Chief Executive at Surrey Economic Partnership asked:
‘With the potential of a ‘long L’ recession, what are you doing to reduce costs, increase customers, generate liquidity, and promote your USPs?’
Here’s my response:
Interesting question Mark, however, the recession has been nothing but positive for my business.
Growth in my business to date in 2009 is 44.5% – I did the figures yesterday.
’tis true I am in a business that delivers savings for home and business users in their usual costs such as telephone, broadband, mobile, gas and electricity, and equally they are award winning, so that helps, however, people also have the opportunity of creating additional income streams on a part time basis, and that is probably the key to the continued growth throughout the year.

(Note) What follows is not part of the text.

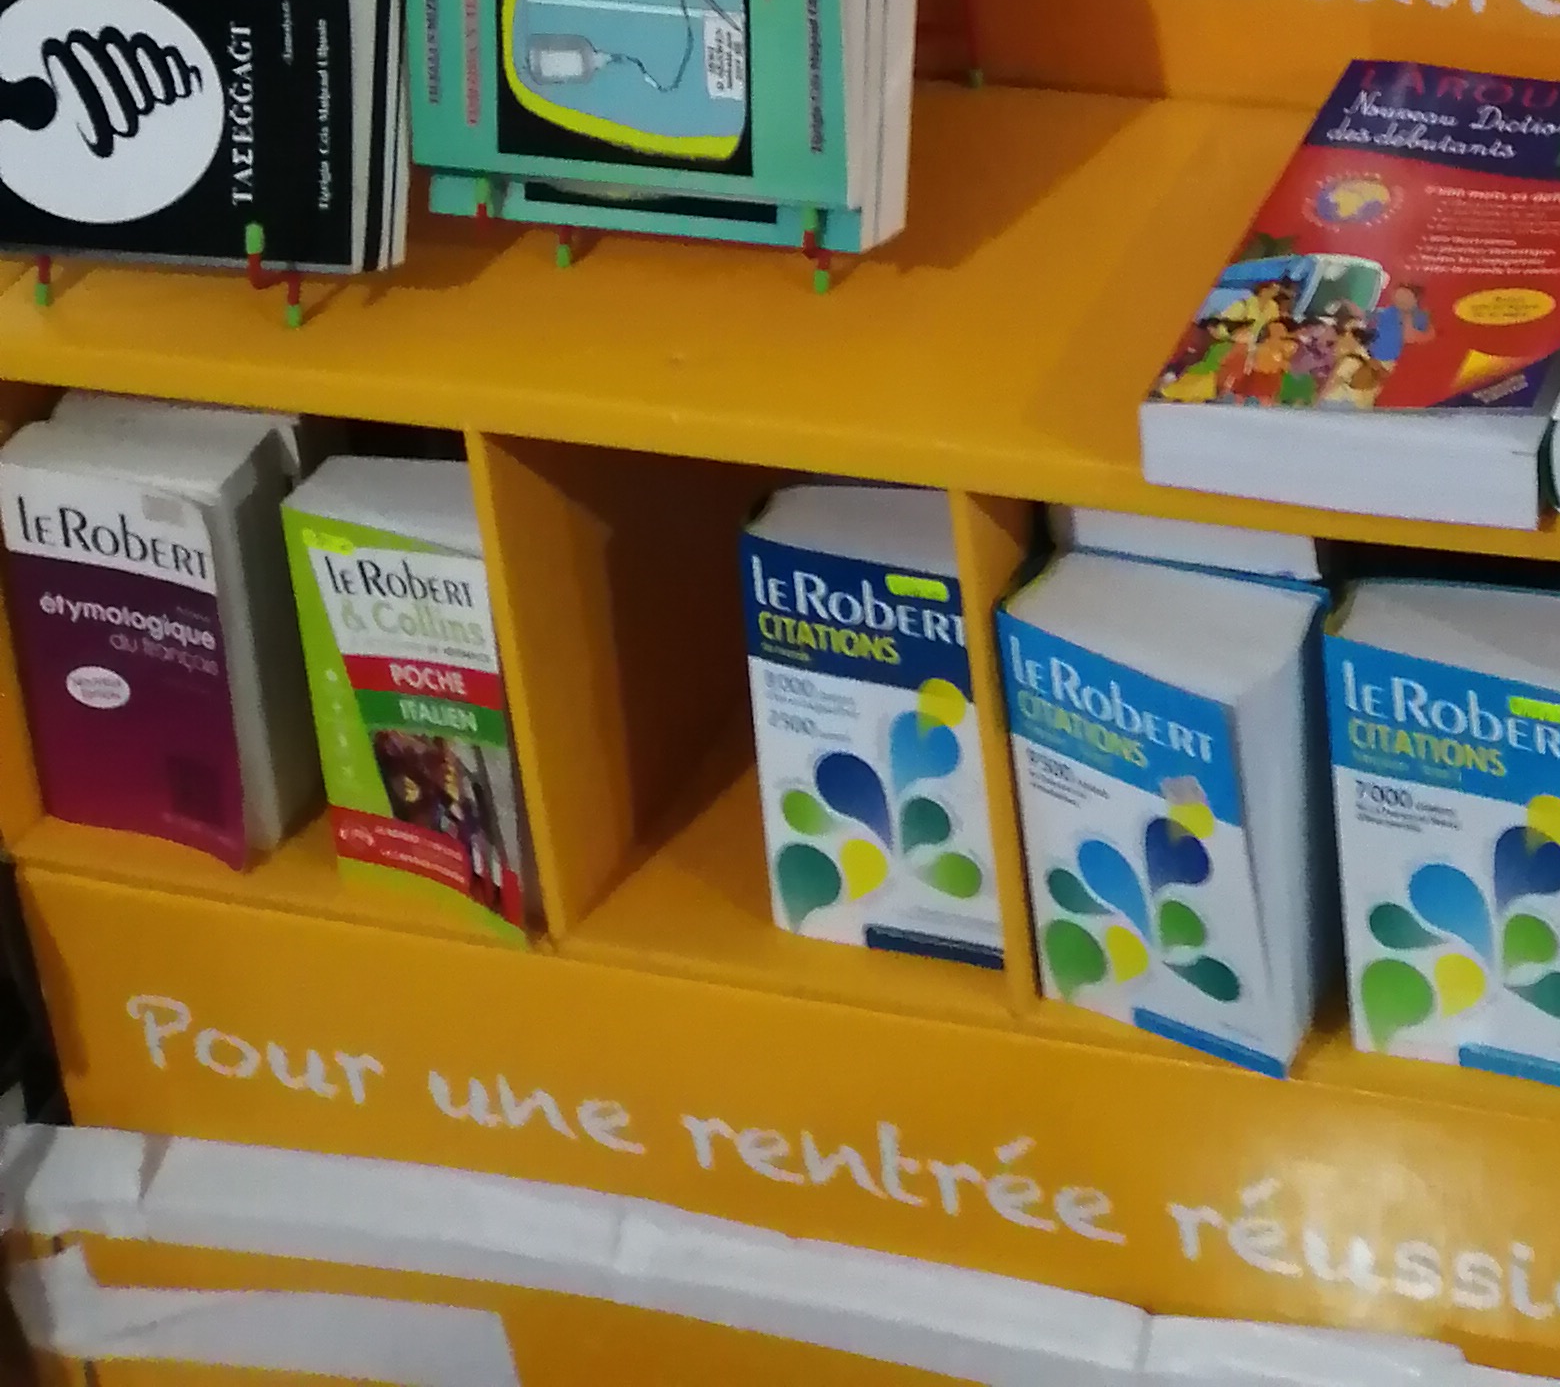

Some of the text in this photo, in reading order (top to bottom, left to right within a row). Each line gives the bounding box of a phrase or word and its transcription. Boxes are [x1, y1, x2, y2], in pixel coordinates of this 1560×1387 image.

Paid overtime has all but disappeared for many, as have part time jobs paying a reasonable wage, so the fact a person can work with our business and collect £25 for 30 to 45 minutes work and then get commission on top ….. ongoing, is a real boon.
I am finding that people who become involved are quite typically mid-40s plus with a family, who are clearly going to be hit by the latest tax rises. In addition, business owners who have an existing database of customers and are able to market our non-competing range of services.
The idea of multiple streams of income is very appealing to owner managers.
Robert Kyosaki in his book, Rich Dad, Poor Dad has always been an advocator of such an approach, and it fits with today’s economic climate.
Yesterday, it was suggested that interest rates would remain low (0.5%) for many years to come, and the launch of a 5% CashBack card in 2008 as an added benefit to the services above has really come to the fore in the last few months as people seek ways to make their money go further.
I have no idea of the policy of this group with regard to posting links in responses, so have decided not to, however, if you or anyone wishes to know further, please contact me and I shall point you to various websites and make available PDF’s.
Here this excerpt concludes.